What needs to be done
When you copy the data, keep every word exactly as it is and leave the pictures out.
Start of Data for this task
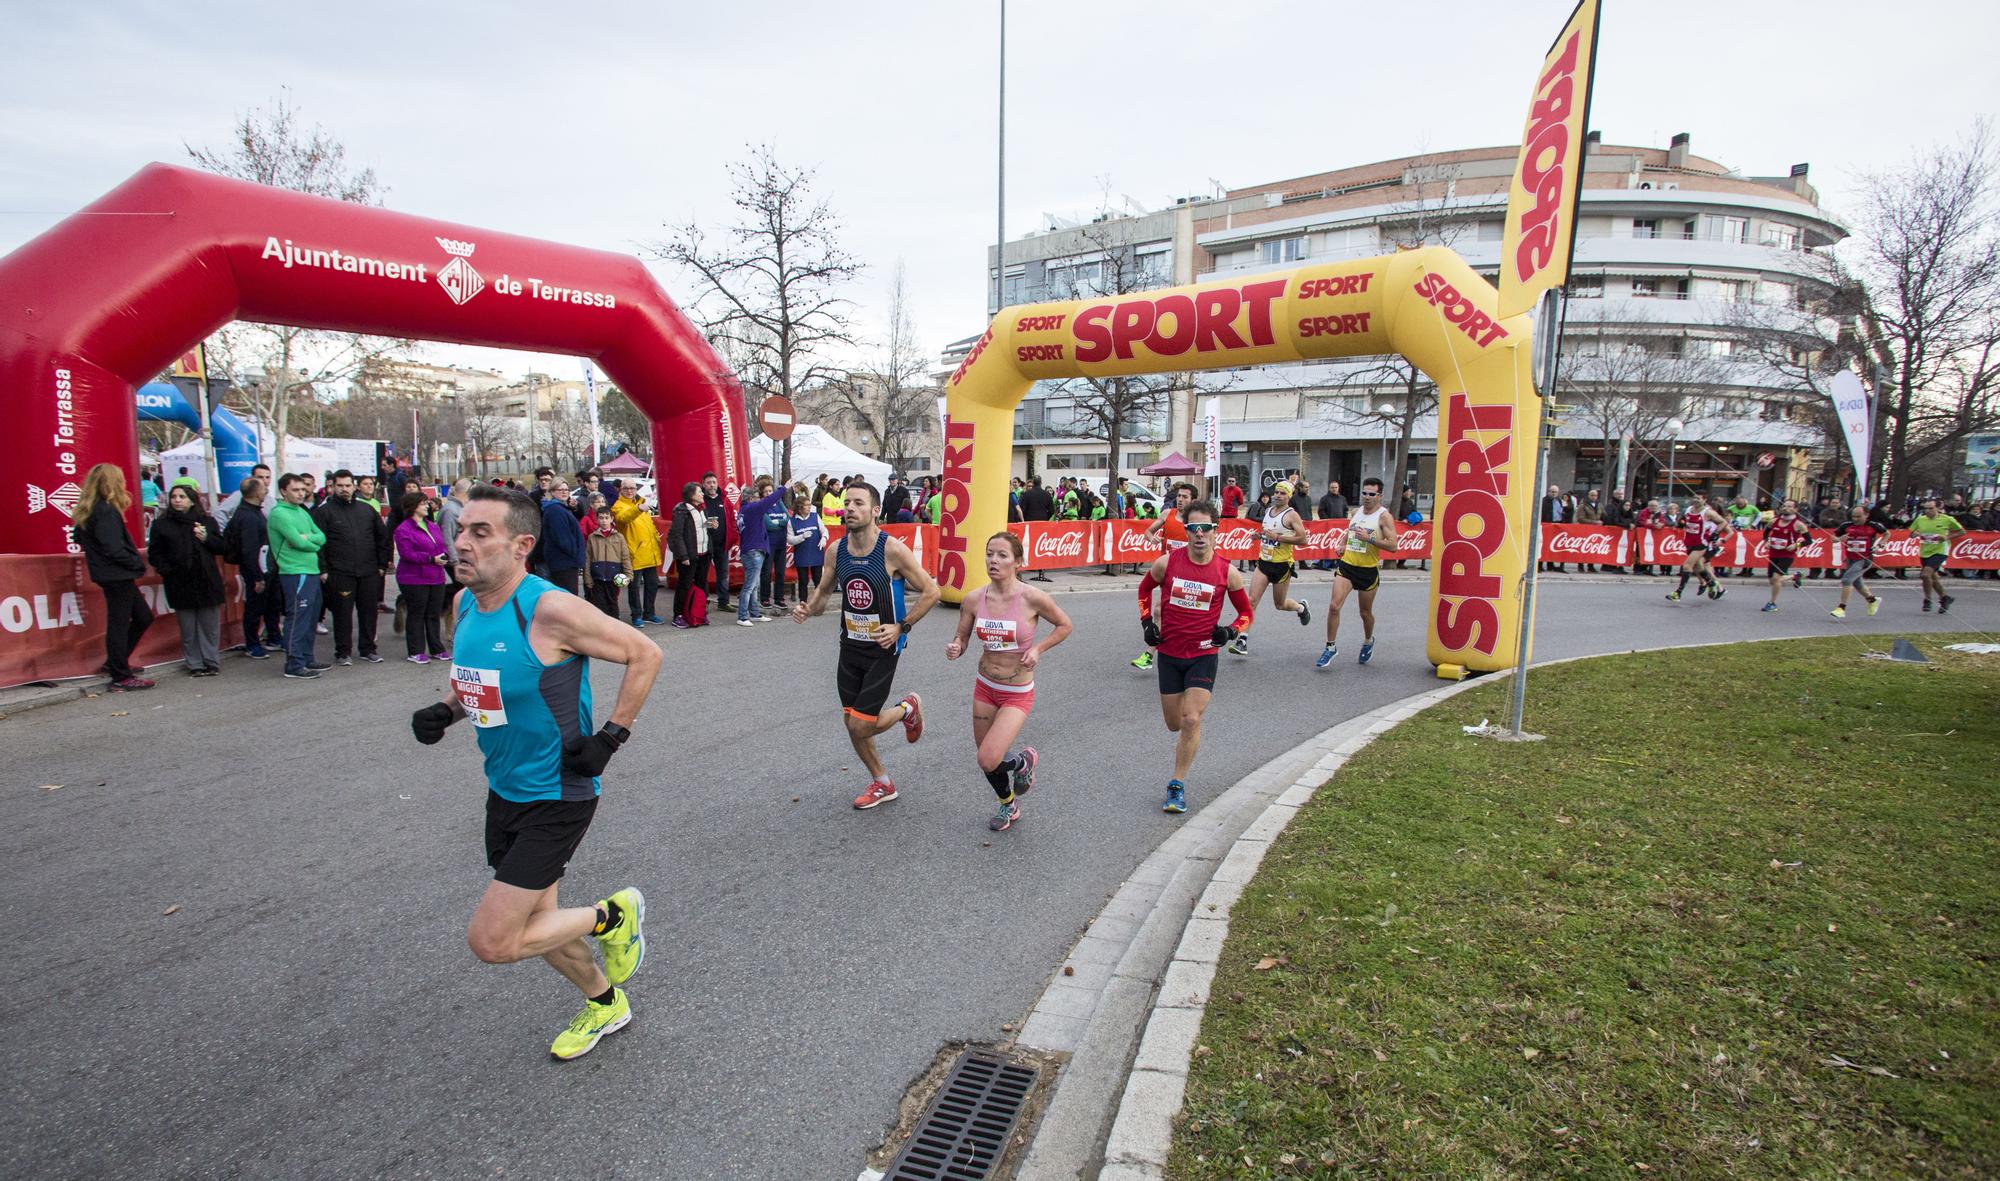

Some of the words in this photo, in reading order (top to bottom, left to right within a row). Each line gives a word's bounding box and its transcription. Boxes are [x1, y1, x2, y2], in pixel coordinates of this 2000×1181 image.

[261, 237, 427, 283] Ajuntament
[494, 274, 523, 296] de
[527, 278, 616, 309] Terrassa
[1299, 273, 1374, 299] SPORT
[1073, 279, 1288, 363] SPORT
[1413, 272, 1509, 348] SPORT
[1017, 315, 1066, 332] SPORT
[1298, 312, 1371, 338] SPORT
[952, 325, 994, 386] SPORT
[1017, 344, 1063, 362] SPORT
[54, 368, 73, 447] Terrassa
[719, 410, 734, 479] Ajuntament
[56, 452, 76, 475] de
[937, 414, 975, 591] SPORT
[1437, 393, 1513, 657] SPORT
[1035, 531, 1084, 557] Coca-Cola
[1550, 532, 1614, 555] Coca-Cola
[849, 589, 871, 600] RRR
[1183, 581, 1202, 590] BBVA
[1178, 600, 1195, 608] CIRSA
[985, 621, 1003, 629] BBVA
[457, 668, 481, 683] BBVA
[456, 681, 485, 695] MIGUEL
[463, 695, 478, 708] 835
End of Data for this task
Answer section
Some of the words in this photo, in reading order (top to bottom, left to right within a row). Each line gives a word's bounding box and its transcription. Boxes are [x1, y1, x2, y2], in pixel coordinates of this 2000×1181 image.

[261, 237, 427, 283] Ajuntament
[494, 274, 523, 296] de
[527, 278, 616, 309] Terrassa
[1299, 273, 1374, 299] SPORT
[1073, 279, 1288, 363] SPORT
[1413, 272, 1509, 348] SPORT
[1017, 315, 1066, 332] SPORT
[1298, 312, 1371, 338] SPORT
[952, 325, 994, 386] SPORT
[1017, 344, 1063, 362] SPORT
[54, 368, 73, 447] Terrassa
[719, 410, 734, 479] Ajuntament
[56, 452, 76, 475] de
[937, 414, 975, 591] SPORT
[1437, 393, 1513, 657] SPORT
[1035, 531, 1084, 557] Coca-Cola
[1550, 532, 1614, 555] Coca-Cola
[849, 589, 871, 600] RRR
[1183, 581, 1202, 590] BBVA
[1178, 600, 1195, 608] CIRSA
[985, 621, 1003, 629] BBVA
[457, 668, 481, 683] BBVA
[456, 681, 485, 695] MIGUEL
[463, 695, 478, 708] 835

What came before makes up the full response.